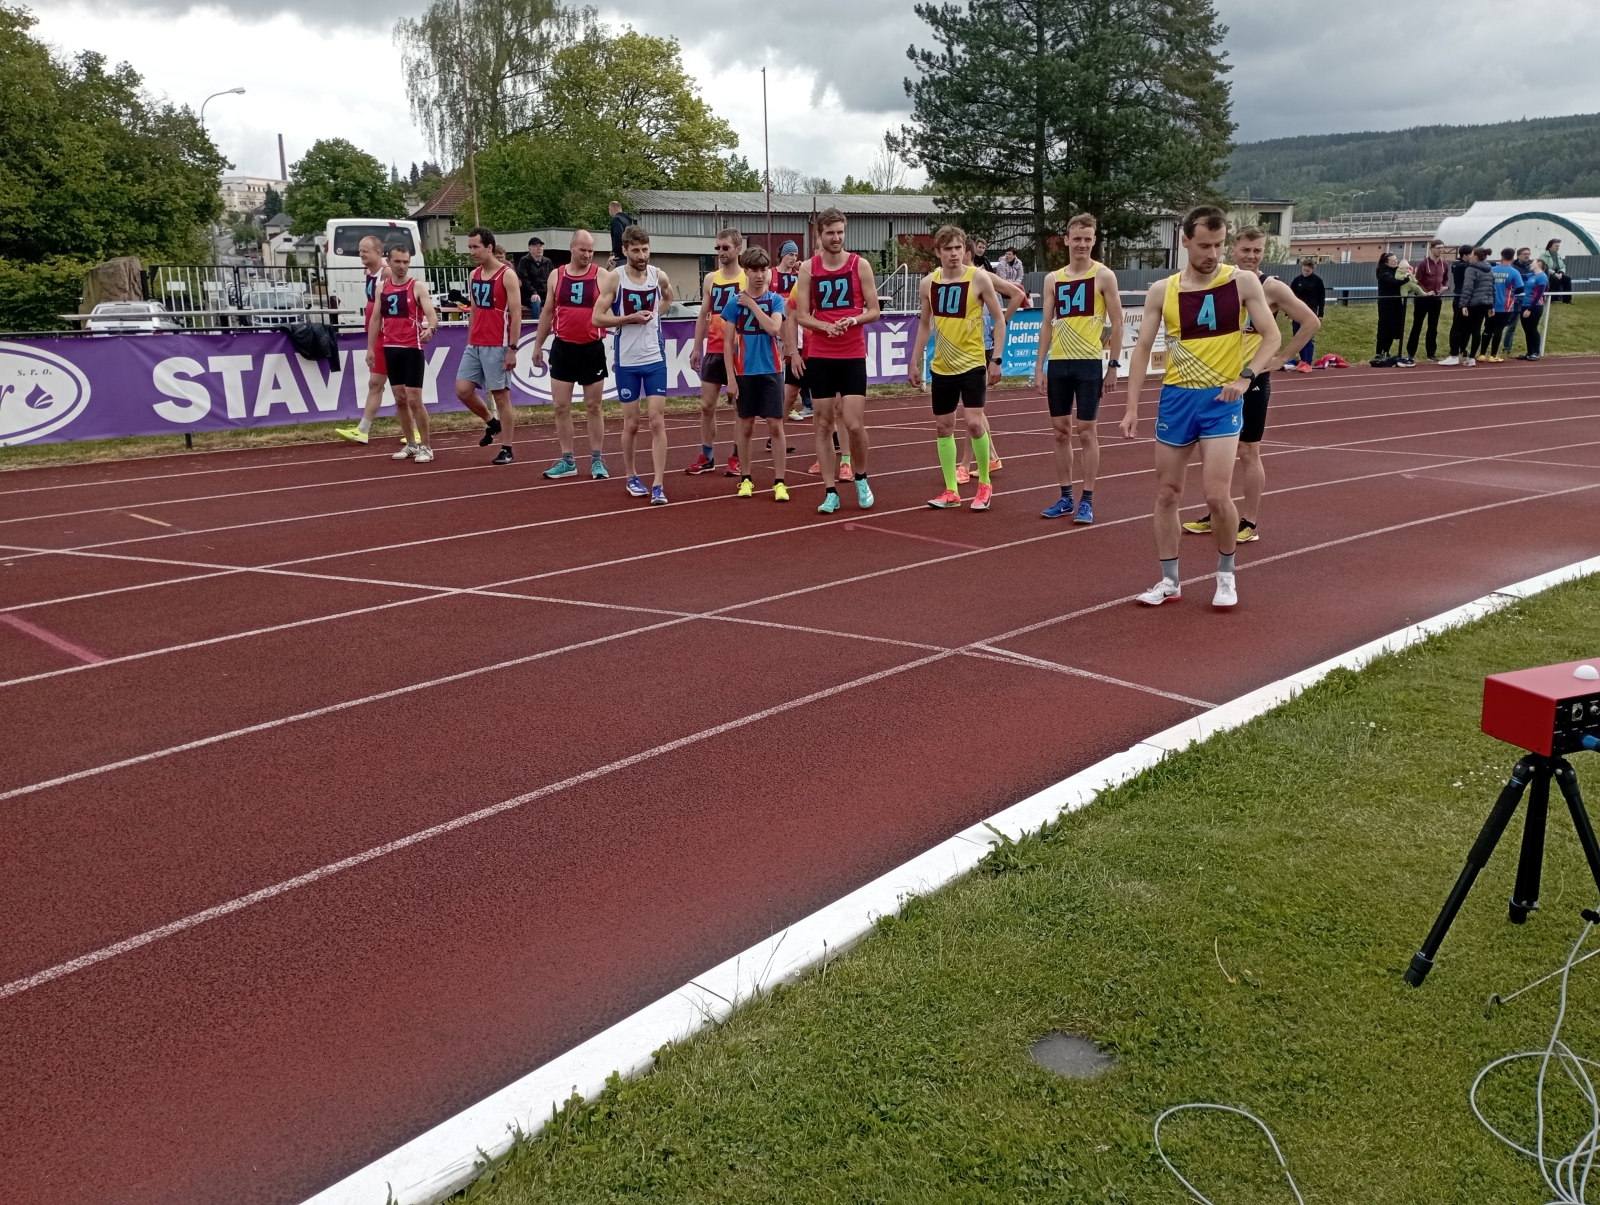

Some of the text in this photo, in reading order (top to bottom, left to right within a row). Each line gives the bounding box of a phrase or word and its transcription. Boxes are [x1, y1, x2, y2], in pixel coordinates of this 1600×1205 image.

[365, 279, 374, 300] 4
[472, 282, 491, 307] 32
[570, 281, 584, 305] 9
[712, 286, 736, 311] 27
[819, 278, 850, 309] 22
[937, 285, 962, 314] 10
[1058, 282, 1086, 315] 54
[387, 294, 399, 315] 3
[1197, 293, 1217, 331] 4
[1124, 311, 1143, 326] lupa
[30, 368, 38, 376] r.
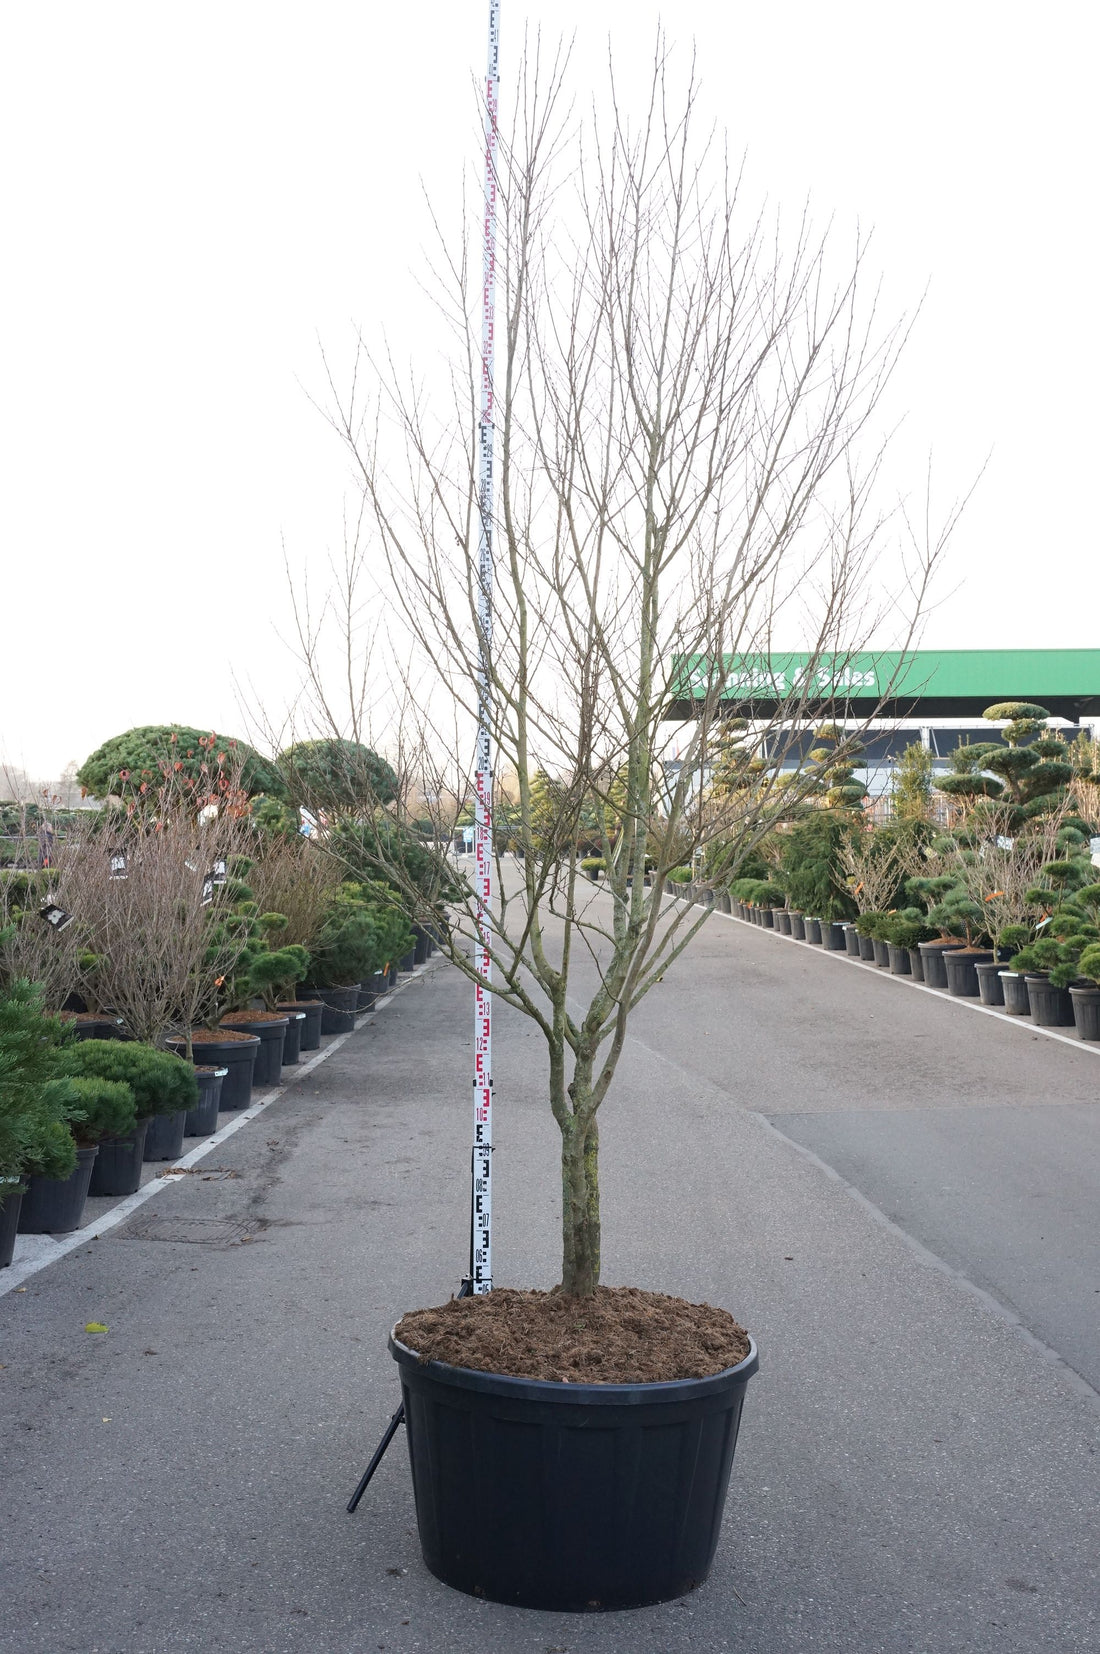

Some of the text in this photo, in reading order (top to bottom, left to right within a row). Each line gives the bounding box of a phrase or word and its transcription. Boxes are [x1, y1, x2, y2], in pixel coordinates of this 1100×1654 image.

[815, 667, 875, 687] Sales
[483, 791, 491, 805] 19
[477, 827, 483, 840] 18
[483, 861, 490, 875] 17
[483, 931, 490, 945] 15
[483, 1002, 490, 1015] 13
[476, 1037, 483, 1050] 12
[483, 1072, 490, 1086] 11
[476, 1107, 483, 1121] 10
[476, 1179, 482, 1192] 08
[482, 1213, 489, 1227] 07
[476, 1249, 482, 1262] 06
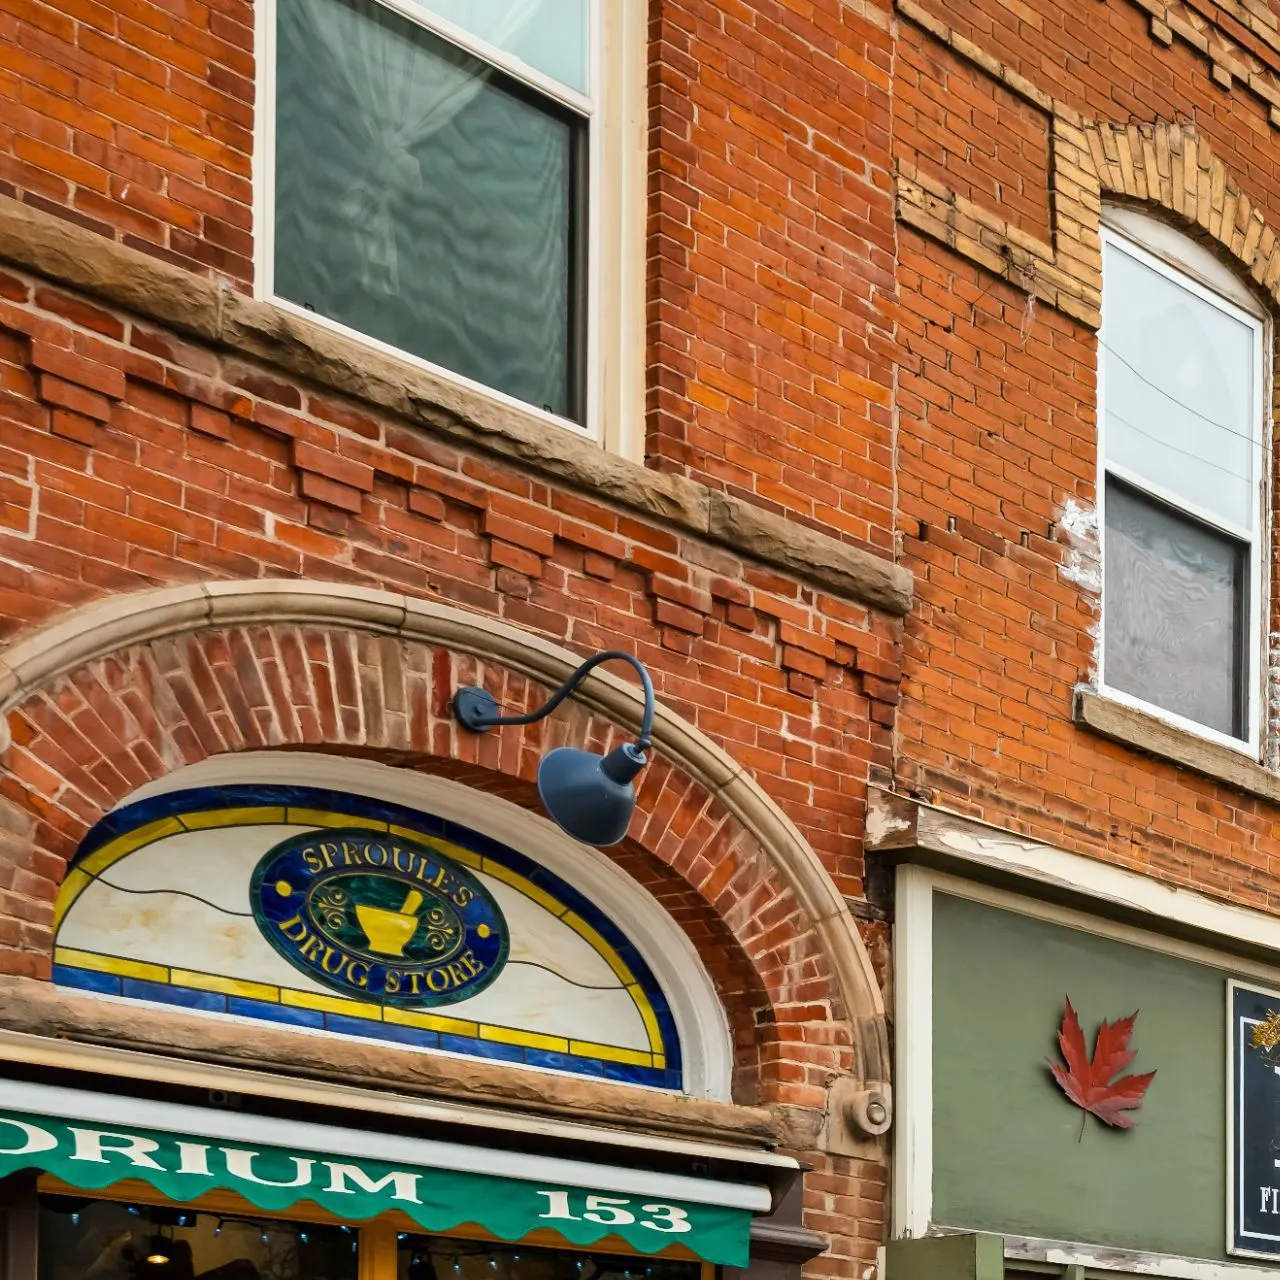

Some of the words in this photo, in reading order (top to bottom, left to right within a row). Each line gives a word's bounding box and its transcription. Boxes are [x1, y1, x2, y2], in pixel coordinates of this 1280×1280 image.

[302, 841, 474, 907] SPROULE'S
[279, 915, 368, 986] DRUG
[385, 950, 484, 994] STORE
[536, 1190, 693, 1234] 153
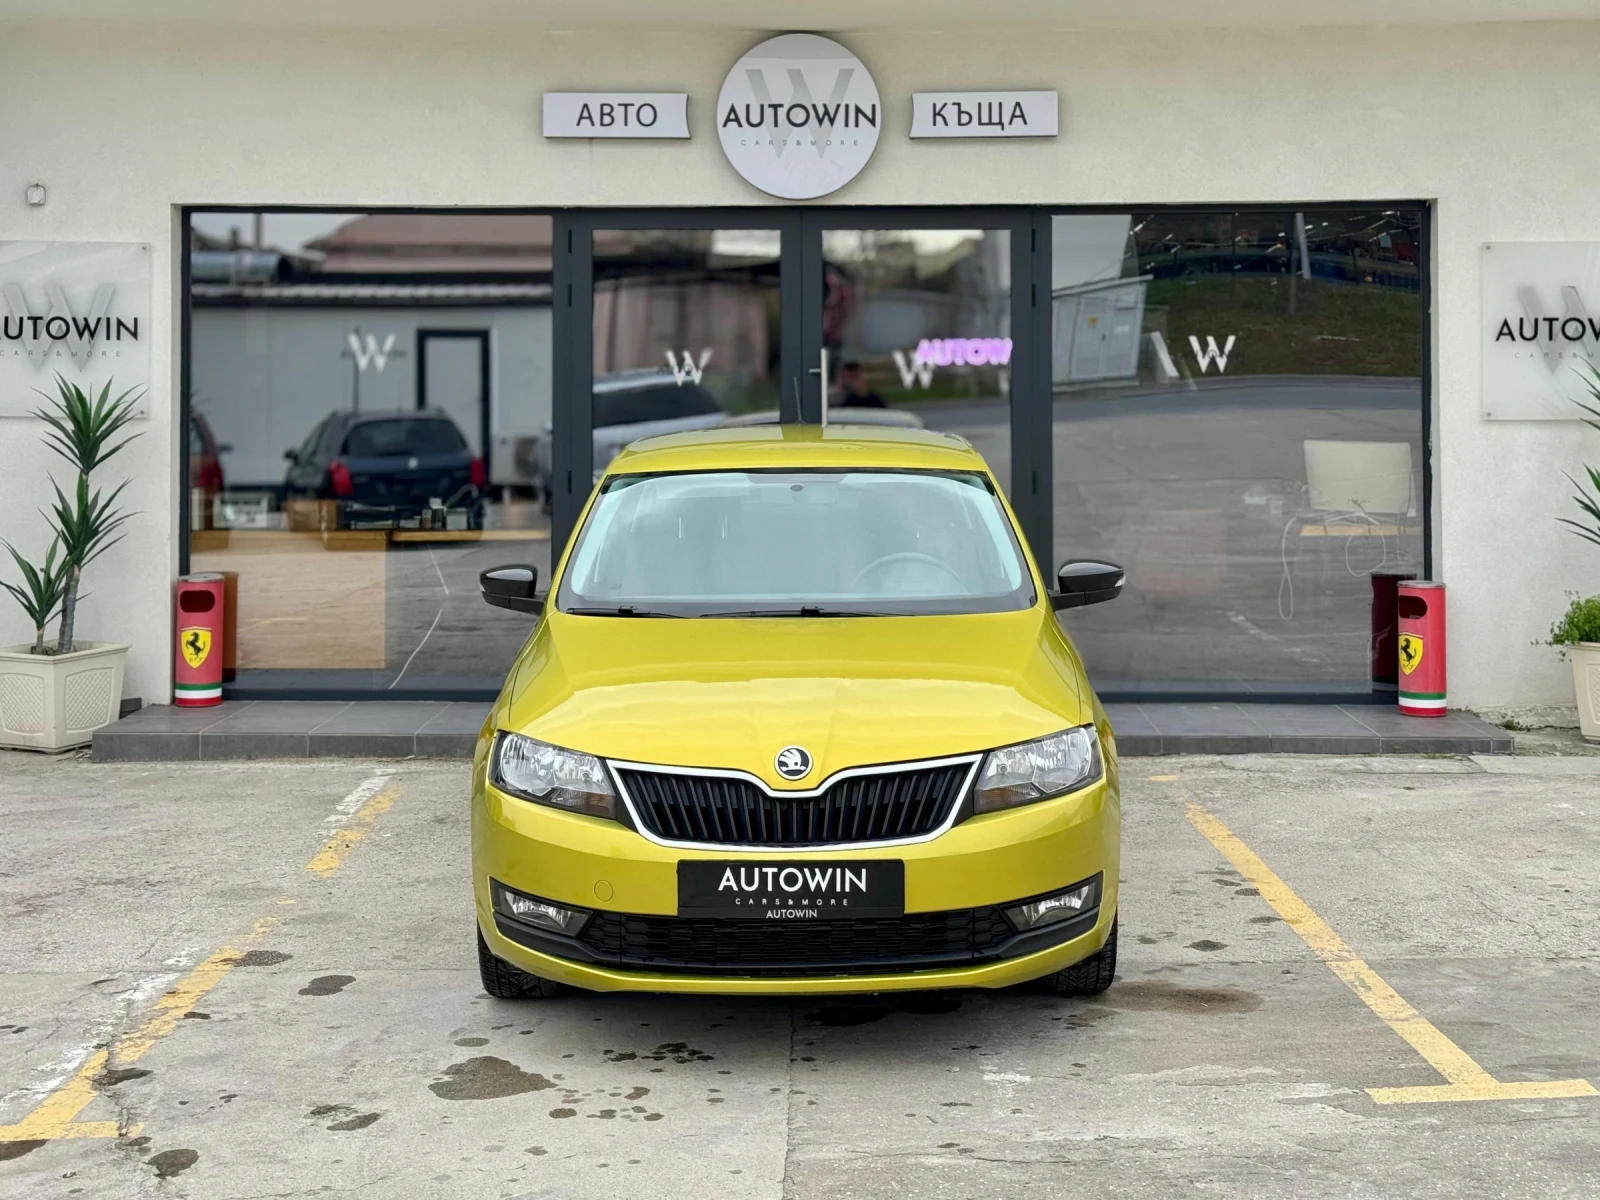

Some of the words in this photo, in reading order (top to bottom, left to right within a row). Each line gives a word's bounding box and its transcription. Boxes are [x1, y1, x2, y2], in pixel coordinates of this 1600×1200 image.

[576, 103, 658, 127] АВТО
[722, 103, 877, 128] AUTOWIN
[745, 68, 855, 160] W
[932, 101, 1028, 130] КЪЩА
[0, 316, 139, 341] UTOWIN
[348, 333, 397, 373] W
[1188, 335, 1236, 374] W
[666, 348, 713, 387] W
[718, 867, 867, 893] AUTOWIN
[735, 898, 848, 906] CARS&MORE
[766, 909, 818, 919] AUTOWIN
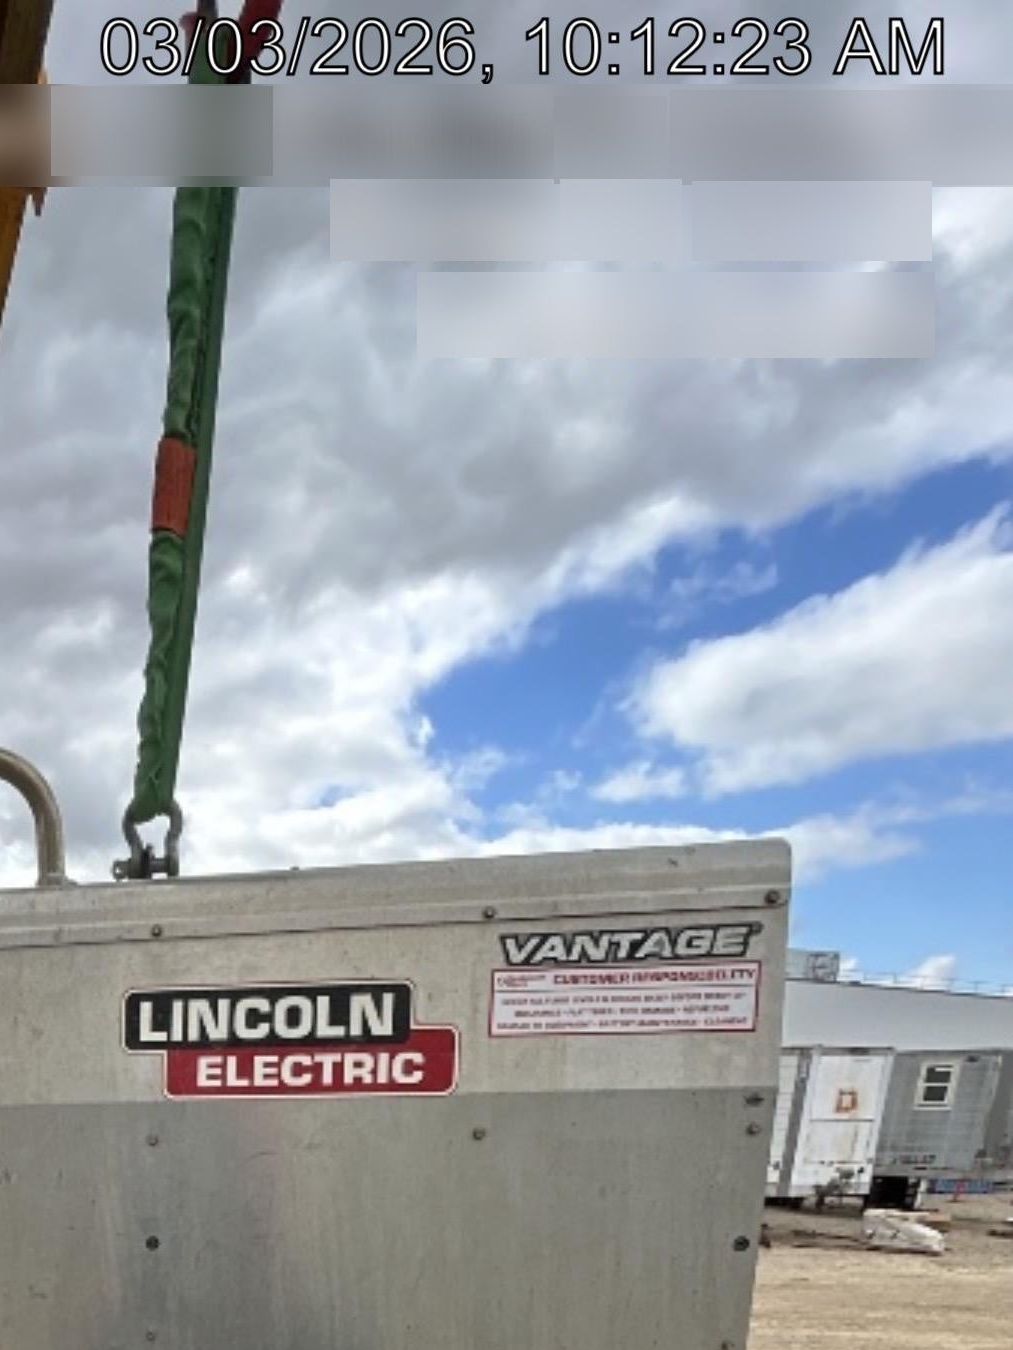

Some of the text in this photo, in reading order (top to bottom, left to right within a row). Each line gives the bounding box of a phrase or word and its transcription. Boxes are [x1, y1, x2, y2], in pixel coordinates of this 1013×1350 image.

[502, 925, 752, 964] VANTAGE
[138, 993, 395, 1042] LINCOLN
[196, 1052, 426, 1088] ELECTRIC

**Exercise goal:** Give back exactly the lines running from the one that contains "this 1600×1200 image." to the end of the records, including both of those lines and excluding every picture.

**Solution to this task:**
Some of the words in this photo, in reading order (top to bottom, left to right within a row). Each line gives a word's bounding box and its transcription. Boxes are [x1, y1, x2, y2], in pixel coordinates of this 1600×1200 image.

[576, 103, 658, 127] АВТО
[722, 103, 877, 128] AUTOWIN
[745, 68, 855, 160] W
[932, 101, 1028, 130] КЪЩА
[0, 316, 139, 341] UTOWIN
[348, 333, 397, 373] W
[1188, 335, 1236, 374] W
[666, 348, 713, 387] W
[718, 867, 867, 893] AUTOWIN
[735, 898, 848, 906] CARS&MORE
[766, 909, 818, 919] AUTOWIN

Some of the text in this photo, in reading order (top to bottom, left to right within a row). Each line gives the bounding box of a phrase or word and its transcription. Boxes are [x1, y1, x2, y2], in pixel coordinates of this 1013×1350 image.

[502, 925, 752, 964] VANTAGE
[138, 993, 395, 1042] LINCOLN
[196, 1052, 426, 1088] ELECTRIC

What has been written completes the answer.